Politics & Policy

Two Books for Liberty

Remembering the republic.

It’s been a sad few months for thoughtful conservatives. Beginning in late spring of 2007 with two broad, varied rafts of capable candidates for the Democratic and Republican presidential nominations, we have somehow ended up with Hillary Clinton, Barack Obama, and John McCain. As often before — more often than not in presidential elections, it seems to me — the old question comes up: With 155 million Americans eligible to run for president, how did we get stuck with three such lackluster candidates?

One possible response is a counter question: Does it matter? The U.S.A. has had some pretty nondescript presidents. Looking at the condition of the nation during their terms of office, and comparing it with the state of affairs under more glamorous chief executives, it is not at all easy to make the case that dynamic, charismatic presidents are good for us. It is, in fact, easier to make the opposite case. Consider, for example, William Howard Taft.

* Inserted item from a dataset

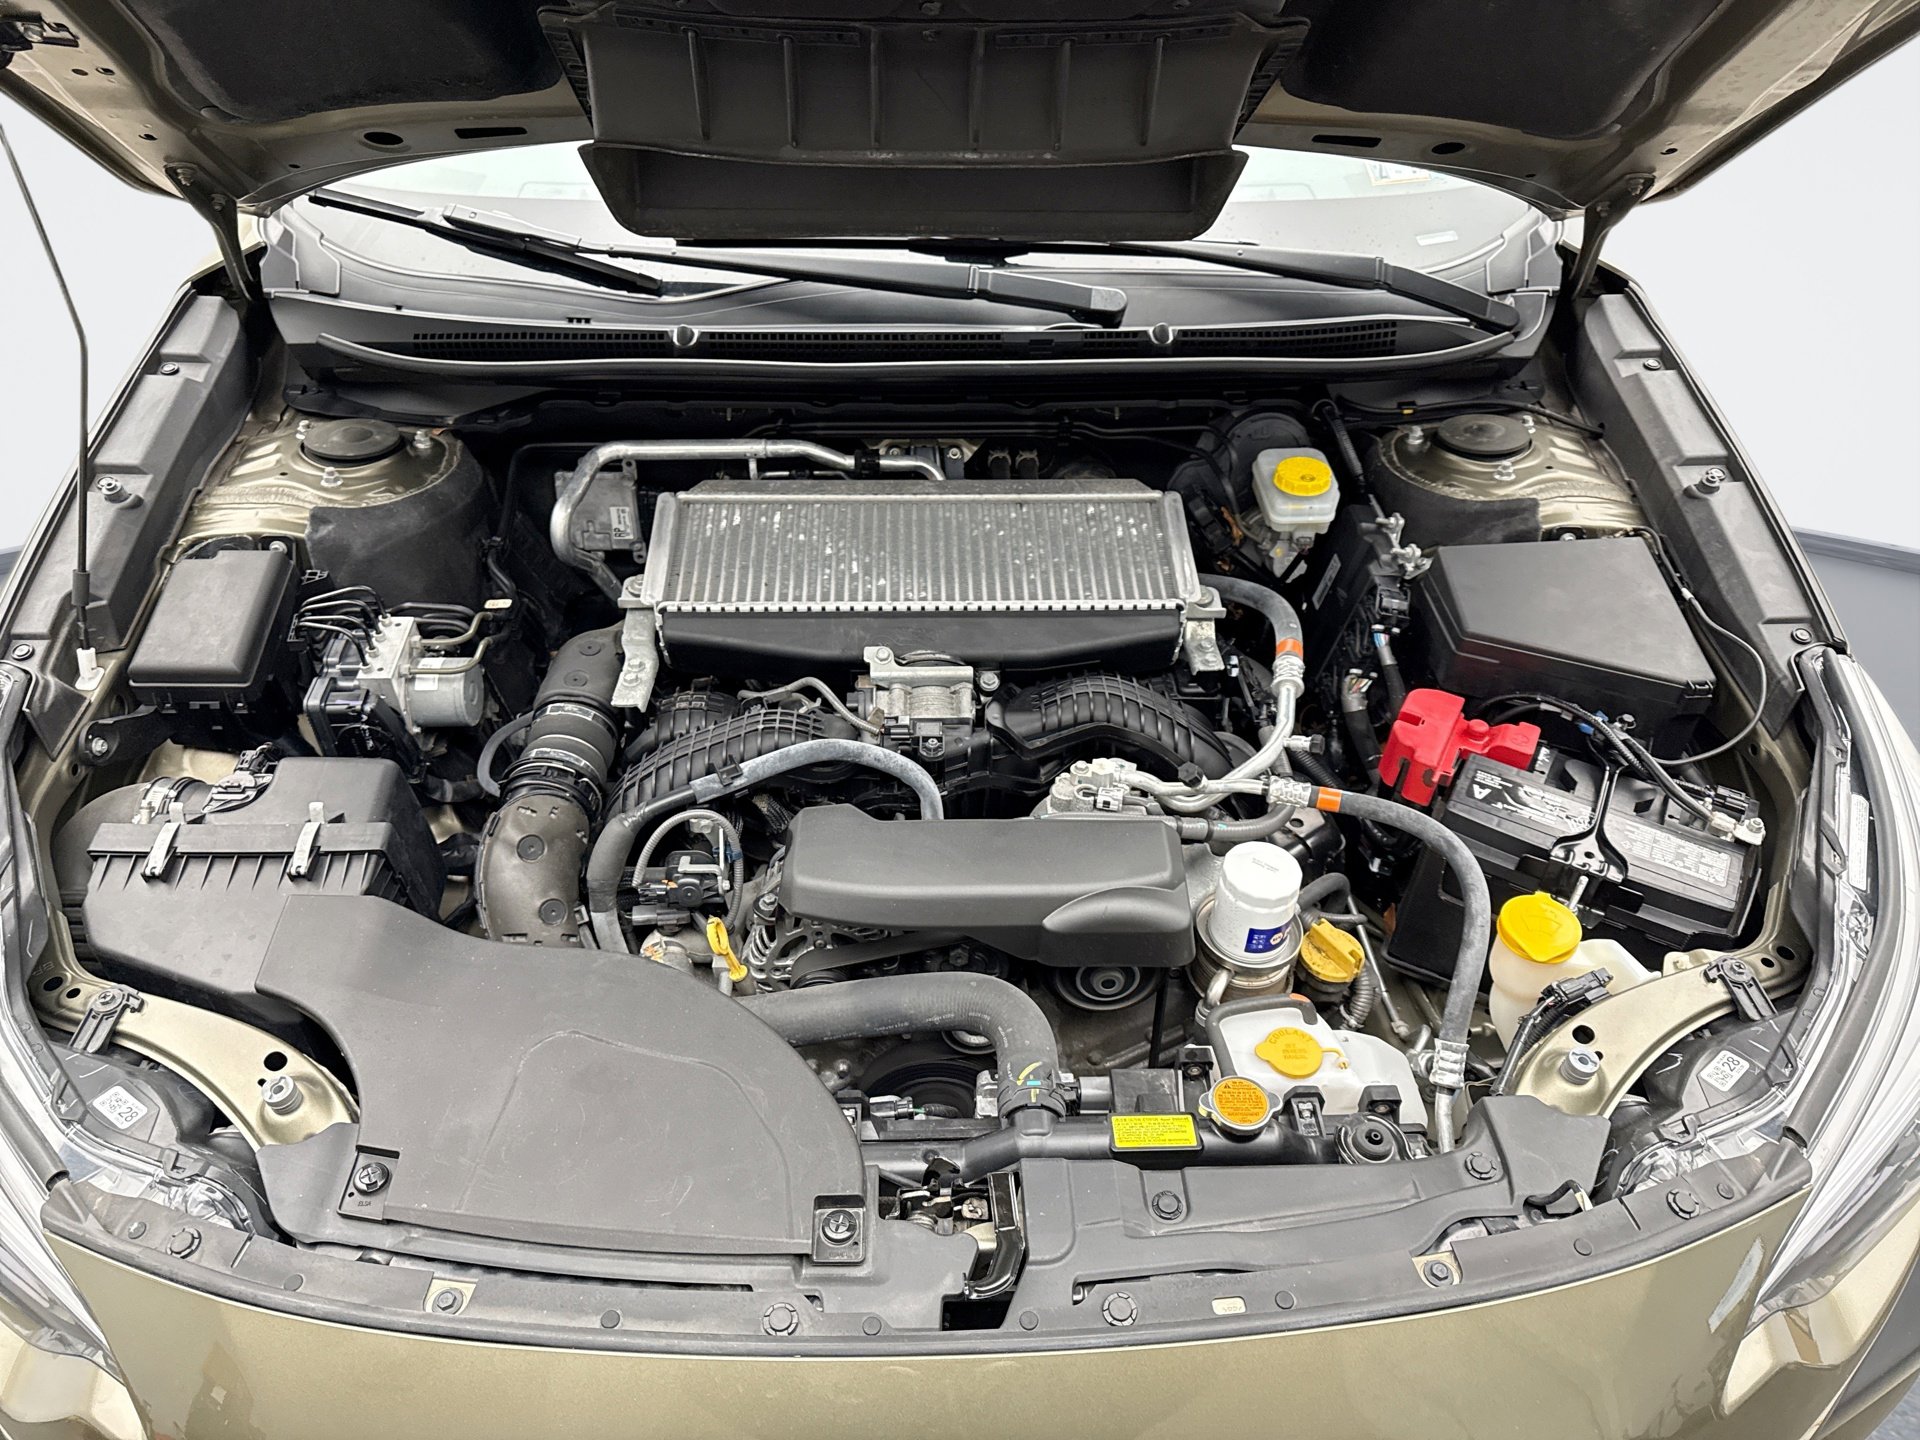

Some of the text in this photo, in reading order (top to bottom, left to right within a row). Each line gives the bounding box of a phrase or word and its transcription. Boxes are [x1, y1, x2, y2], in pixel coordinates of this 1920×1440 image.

[1268, 1028, 1313, 1045] COOLANT
[1721, 1056, 1741, 1072] 28
[118, 1106, 139, 1122] 28

For the most part, Taft governed as a Progressive: he greatly accelerated trustbusting and lent his support to the 16th and 17th Amendments to the Constitution, providing for an income tax and direct election of senators. Yet history does not remember Taft as a heroic, reformist president. In fact, since he did not start any major wars or offer any deals, Square or New, Taft is now best known for being shaped like a Zeppelin — he weighed in at 355 pounds on the eve of his inauguration.

I think the simile might be improved. Zeppelins were actually quite sleek. Taft was more of a blimp. In any case, “dynamism” and “charisma” are not words that leap to one’s lips when reading about the Taft presidency. Yet the country went along very cheerfully in the Taft years. (It is not really fair to blame him for the income tax. It was perceived at the time as applying only to the wealthy. A state legislator in Georgia justified his vote for ratification on the grounds that nobody in Georgia earned enough to be subject to the tax.) Taft did not actually have much interest in the job of chief executive. His passion was for lawyering. After Taft’s fellow Ohioan Warren Harding made him chief justice of the U.S. Supreme Court, Taft is supposed to have sighed contentedly: “I don’t remember that I ever was president.”

Harding was another stirring case of inertia in the executive. Paul Johnson remarked of him that: “He did not believe that politics were very important or that people should get excited about them or allow them to penetrate too far into their everyday lives.” Here’s another comment on Harding, from the same source as that Taft quote above:

[Harding] presided over the dismantling of [Woodrow] Wilson’s draconian wartime controls, ushering in an era of prosperous normalcy. … In 2001, two Ohio University economists developed an alternative presidential ranking scheme, based on reductions in size of government and ability to control inflation. Harding came in first. By 1924, federal spending had been cut nearly in half, leading to large government surpluses. And Harding’s good nature and liberal instincts led him to overrule his political advisors and pardon 25 nonviolent protesters that Wilson had locked up …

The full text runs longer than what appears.